Content starts

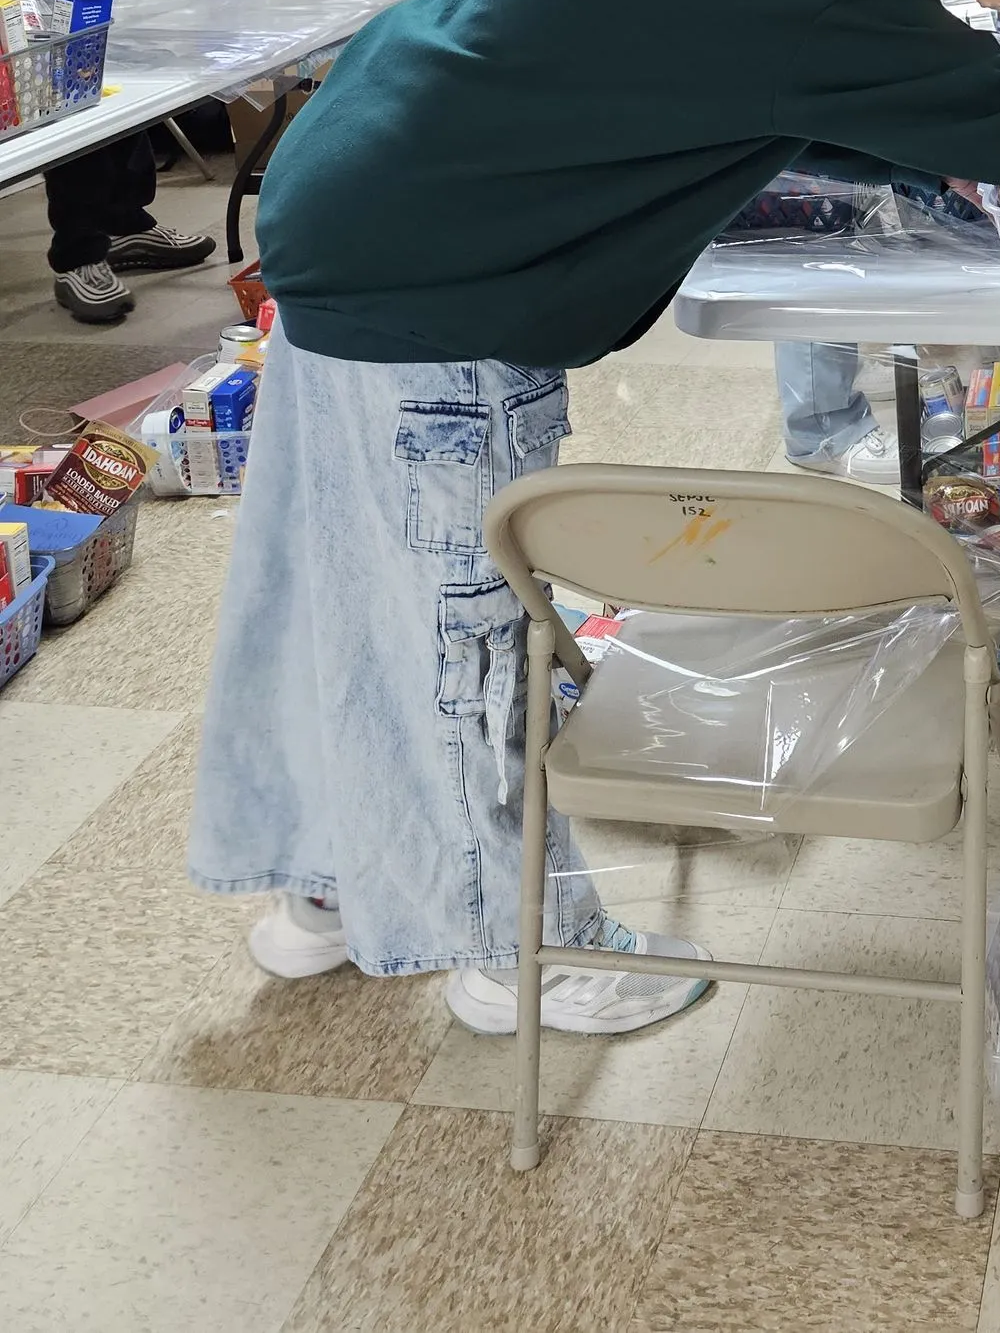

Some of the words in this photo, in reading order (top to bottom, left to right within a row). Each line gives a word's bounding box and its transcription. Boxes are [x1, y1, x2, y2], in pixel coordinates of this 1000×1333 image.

[82, 445, 138, 482] IDAHOAN
[66, 468, 95, 494] LOADED
[94, 488, 120, 509] BAKED
[682, 506, 711, 517] 152
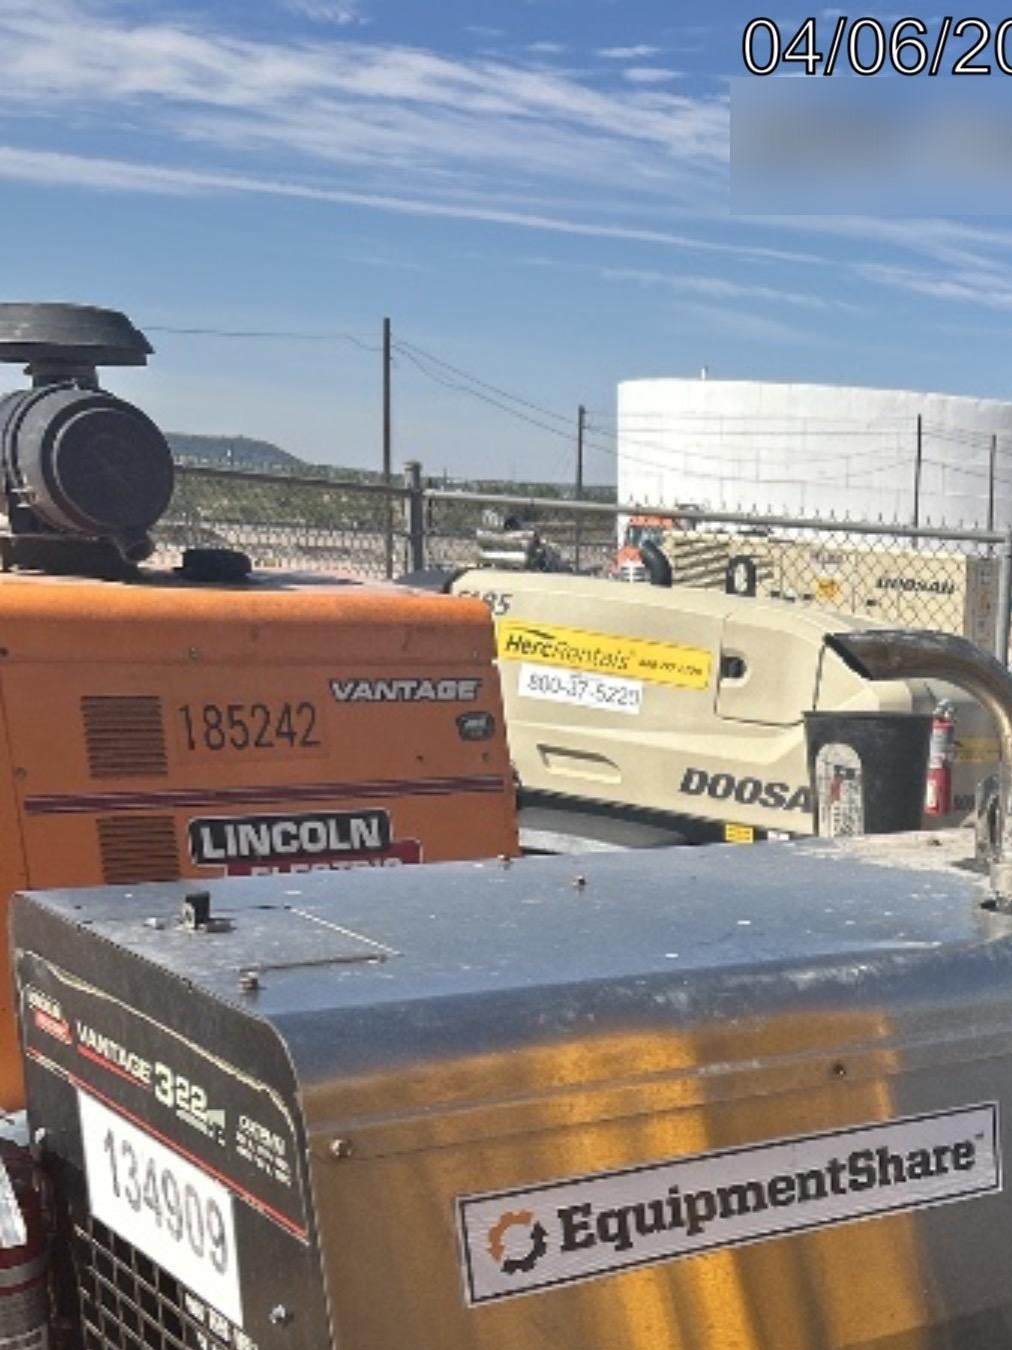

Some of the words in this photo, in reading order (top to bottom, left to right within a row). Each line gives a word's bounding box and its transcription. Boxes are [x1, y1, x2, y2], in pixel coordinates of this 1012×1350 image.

[331, 679, 481, 701] VANTAGE
[179, 701, 321, 750] 185242
[680, 768, 813, 813] DOOSA
[200, 817, 382, 859] LINCOLN
[75, 1020, 152, 1085] VANTAGE
[154, 1061, 208, 1117] 322
[104, 1128, 229, 1276] 134909
[557, 1137, 978, 1253] EquipmentShare
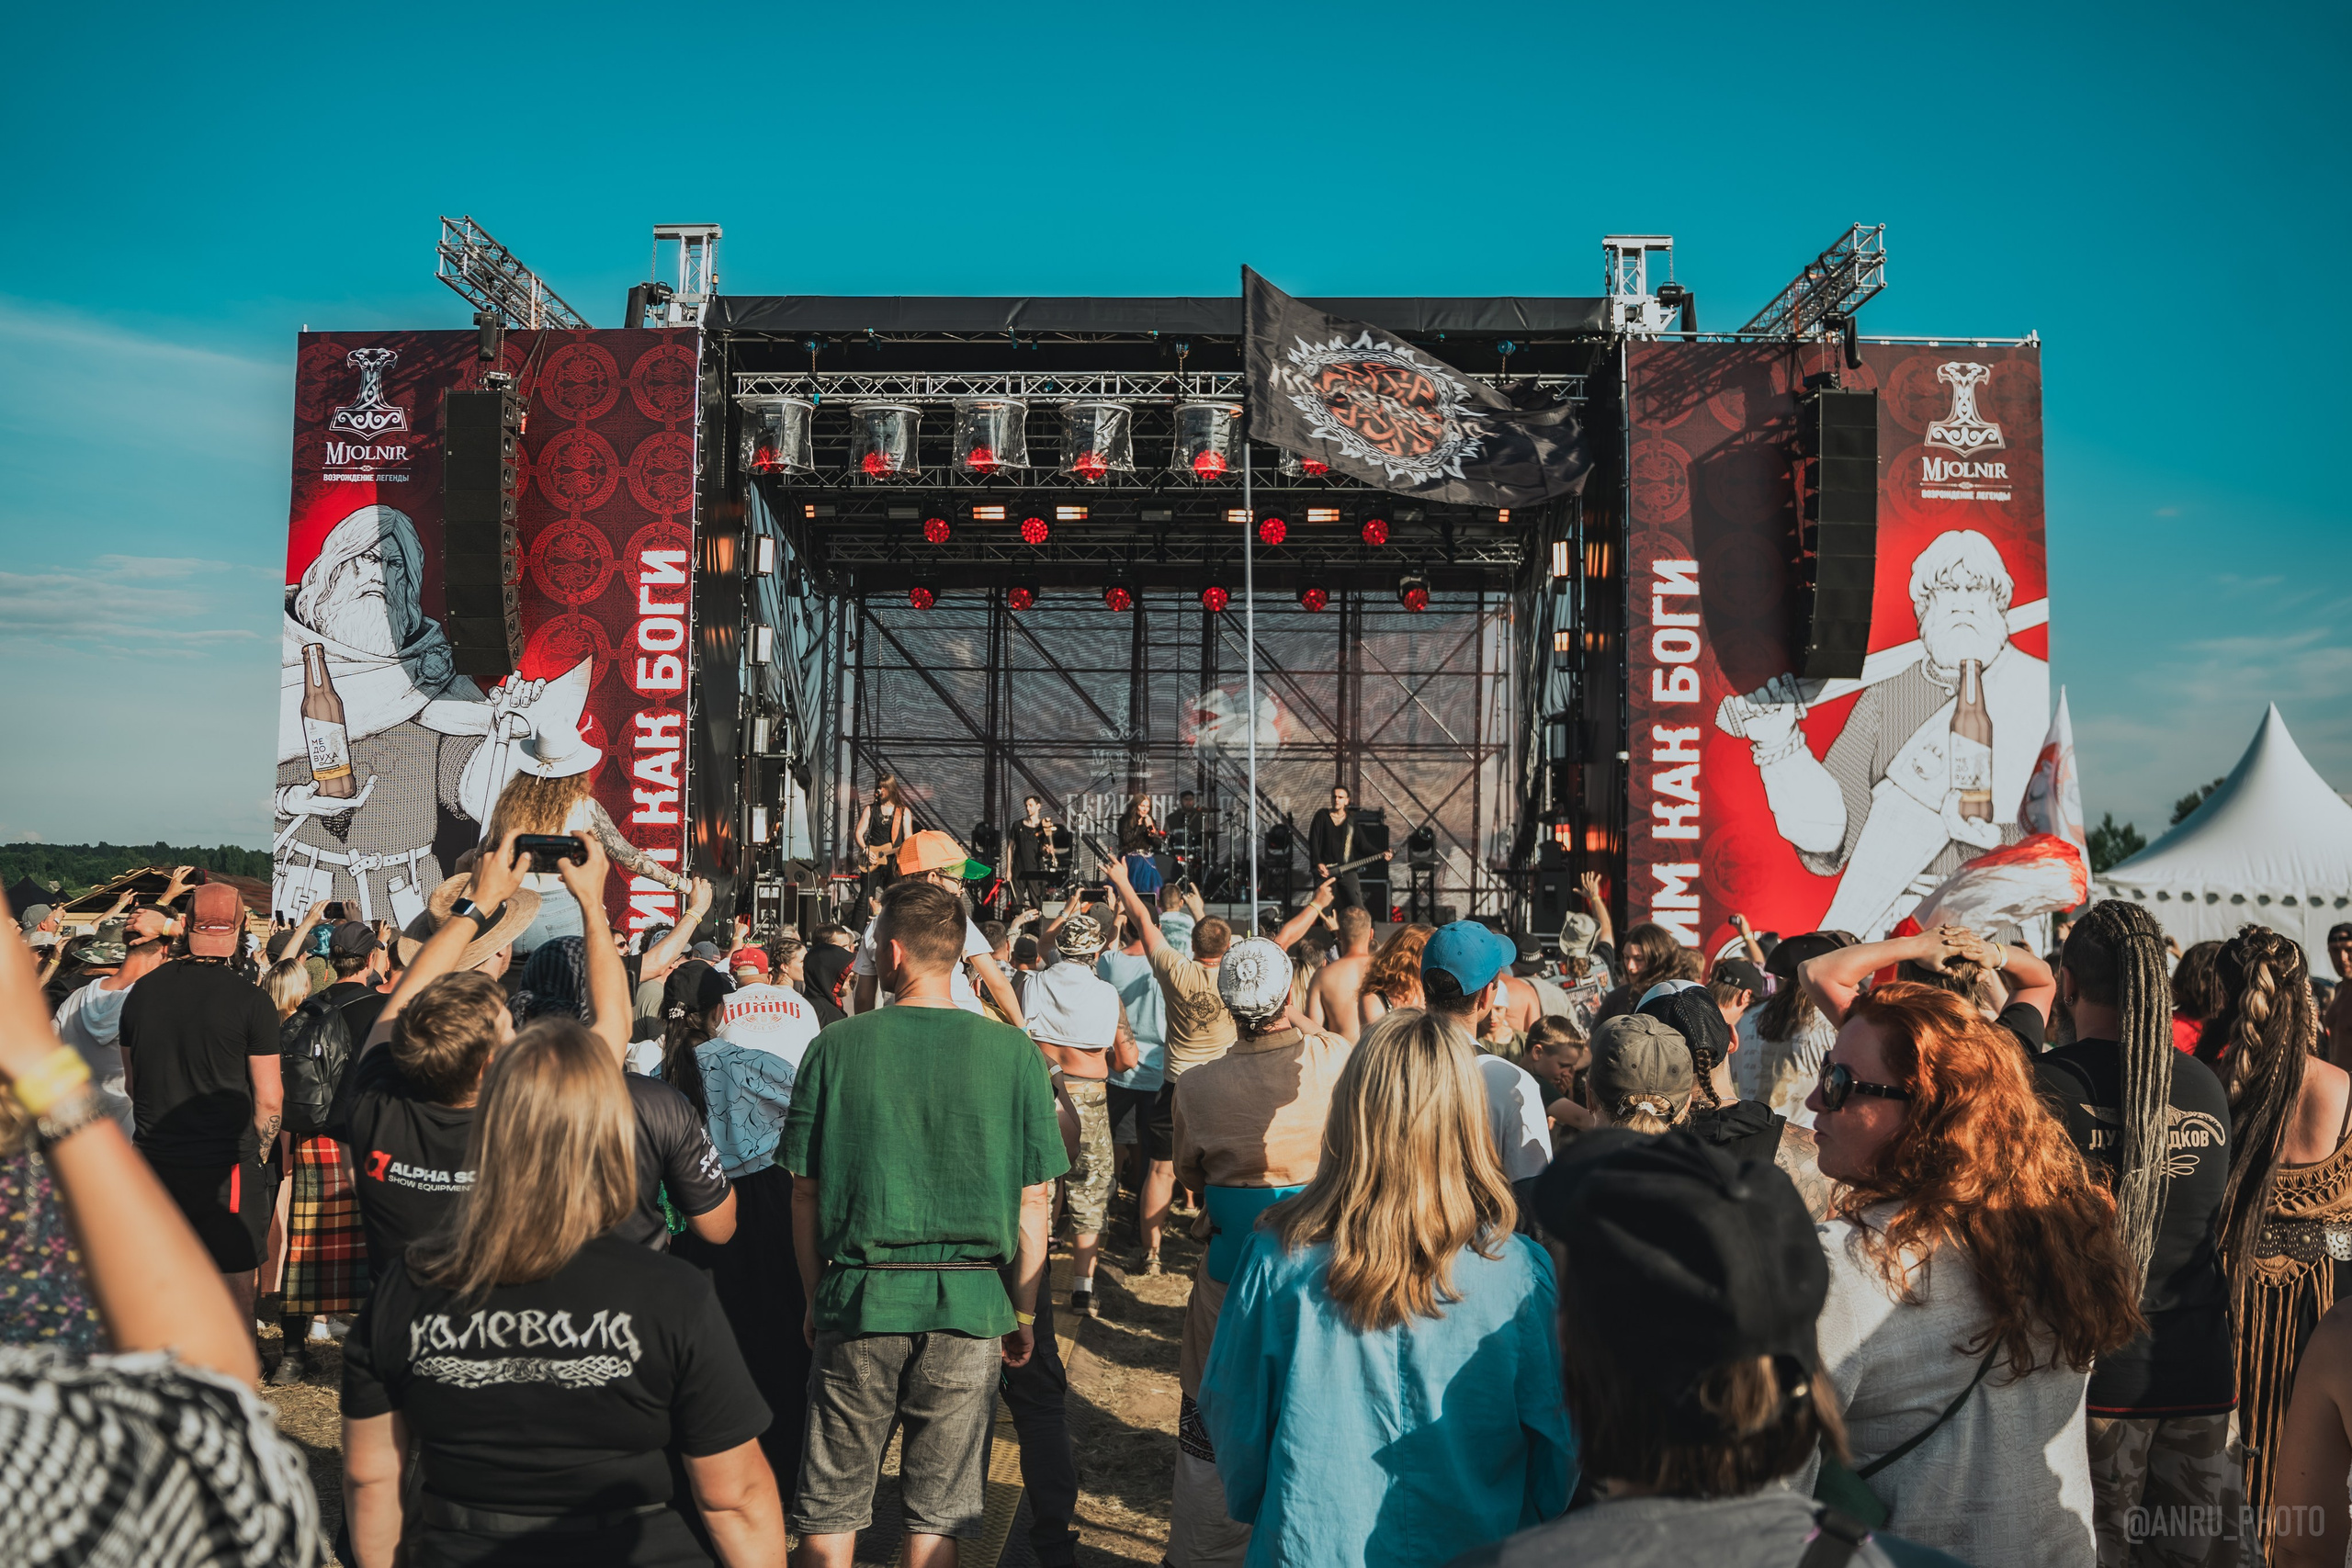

Content ends

* Task details *
Reproduce each line above exactly, but not a single picture.

* Result of this exercise *
Some of the words in this photo, in reading order (top to bottom, left to right within a row). Each line gives a word's bounding box and its transcription. Boxes are [x1, y1, x2, y2], in pixel coordinates of this 1000×1333 image.

[82, 445, 138, 482] IDAHOAN
[66, 468, 95, 494] LOADED
[94, 488, 120, 509] BAKED
[682, 506, 711, 517] 152

Some of the words in this photo, in reading order (top to bottom, left to right within a row). Each line gives a word's bounding box and its transcription. Boxes are [x1, y1, x2, y2], in pixel coordinates of this 1012×1350 image.

[331, 679, 481, 701] VANTAGE
[179, 701, 321, 750] 185242
[680, 768, 813, 813] DOOSA
[200, 817, 382, 859] LINCOLN
[75, 1020, 152, 1085] VANTAGE
[154, 1061, 208, 1117] 322
[104, 1128, 229, 1276] 134909
[557, 1137, 978, 1253] EquipmentShare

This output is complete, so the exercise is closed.